Now, what is ultimate reality? First, it is something that is distinct from all appearances, which introduces a kind of (humanly) unrelievable tension between the two. For example, the progress of science is always from appearances toward a deeper reality, or from multiplicity to unity.

However, from another angle, ultimate reality must include the principle of appearance as such, so must be "in" every appearance -- in the same way, for example, that the cause is in the effect, or how the principle of unity must be present in all numbers (each number being a multiple of one).

Any principle is something from which consequences follow, and God is the first principle from which everything ultimately flows. This doesn't mean we know God, only that we know that God -- the Principle -- must exist.

Now, man and God (or however you want to express this Tension) are ineluctably mixed up together in the cosmic caper we call existence. There is no culture without some version of the God Principle, so God is an unindicted co-conspirator in all human activity, emphasis on the spira -- and on the con -- as in "breathing together."

Not to say God is guilty of our mischief, for this would be analogous to holding the treasury department responsible for bank robberies. Nevertheless, the treasury department prints the money, as God projects being via his continually creative act. 

Nor do we deny natural evolution at the far end of the spectrum, only to say that human isness can in no way be reduced to monkey business. No, we are suspended between the nonlocal Principle and a local animal form, and that's just the way it is. If we were literally reducible to our genetic code, we could never know it; or, to know it is to have transcended it.

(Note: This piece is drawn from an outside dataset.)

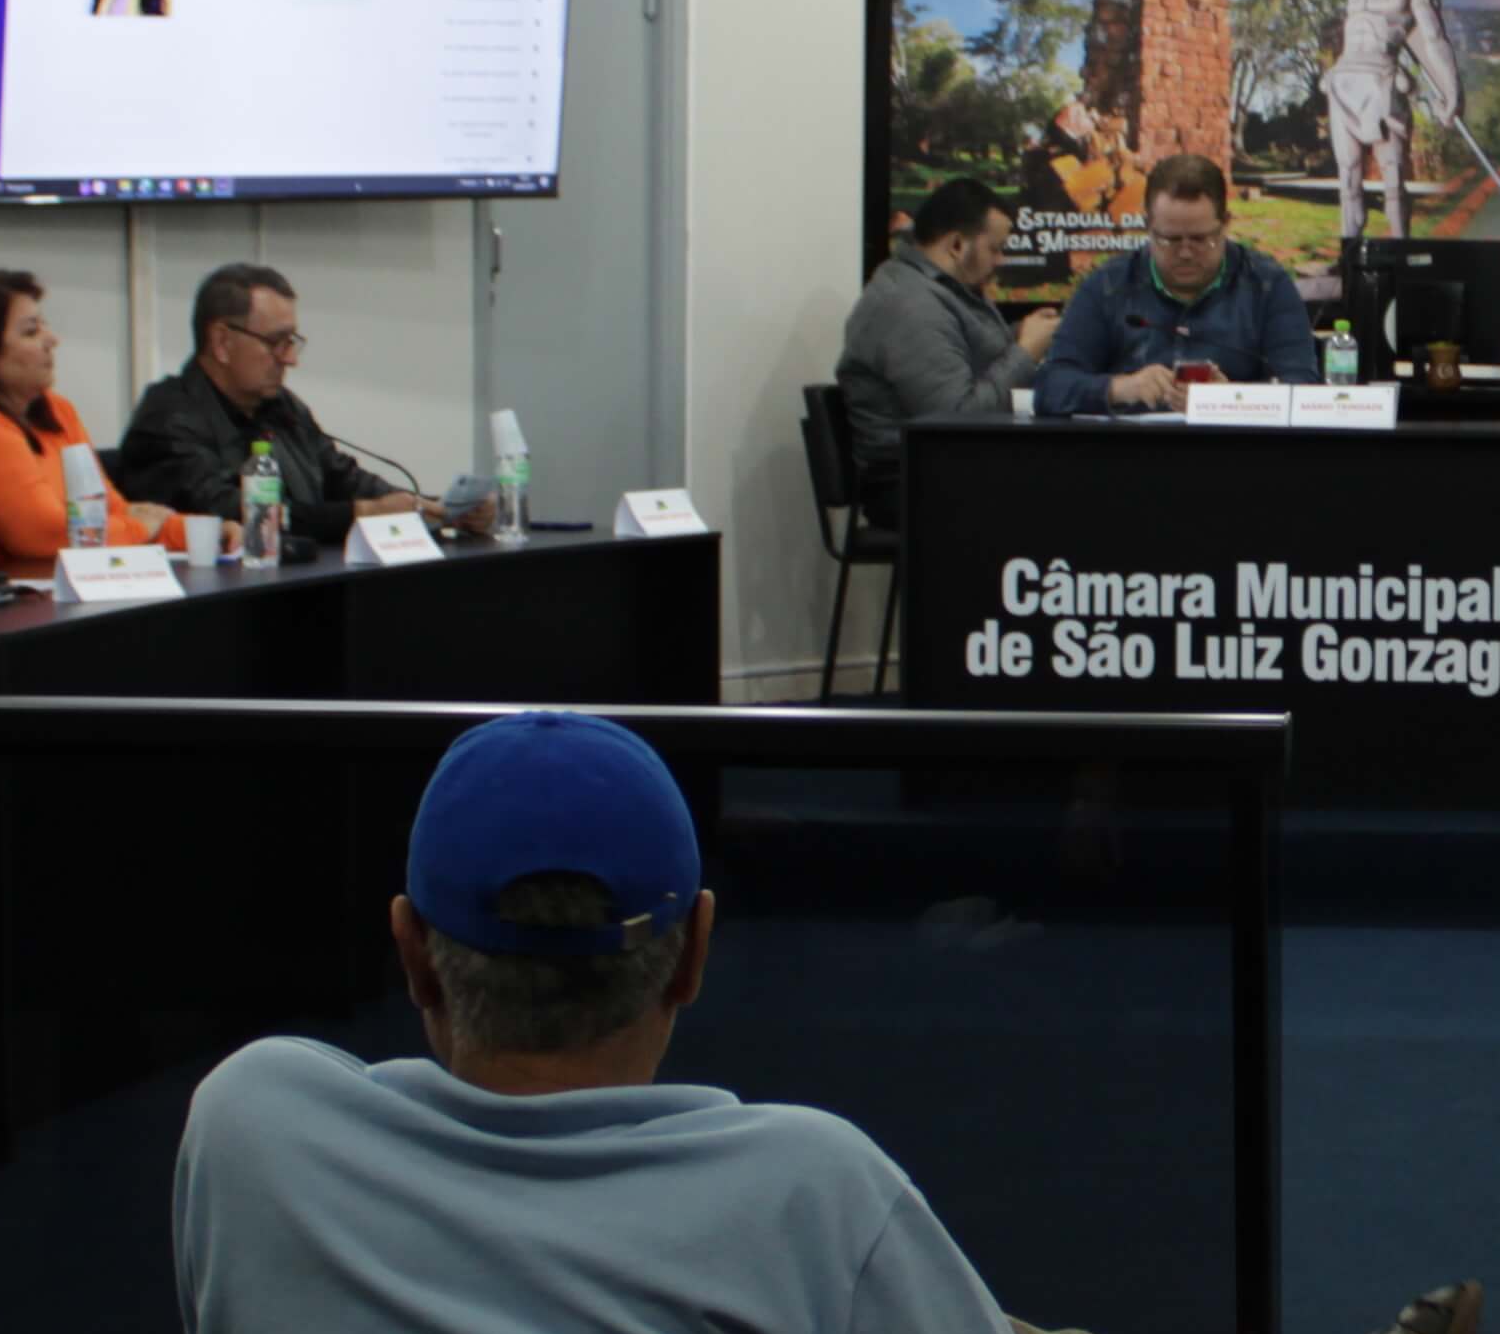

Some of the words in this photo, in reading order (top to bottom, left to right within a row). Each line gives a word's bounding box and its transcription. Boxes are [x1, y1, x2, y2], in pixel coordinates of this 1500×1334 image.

Which I suppose goes to the question of free will -- again, of challenges met, obstacles overcome, doing the right thing, etc. 

Now, some of our intellectual betters like to are compelled to say that free will is an illusion, while others willfully insist that the will to power is all there is, and that all philosophies and narratives are just masks for the exercise of power.

Oh, by the way, these thoughts have been provoked by an essay called Outlines of a Spiritual Anthropology, contained in the same book we were discussing yesterday, From the Divine to the Human. In discussing the absolute toppermost of the poppermost, Schuon says that the divine perfections contained in the Absolute are 

Knowledge, Love and Power, which evoke the human faculties of intelligence, sentiment and will.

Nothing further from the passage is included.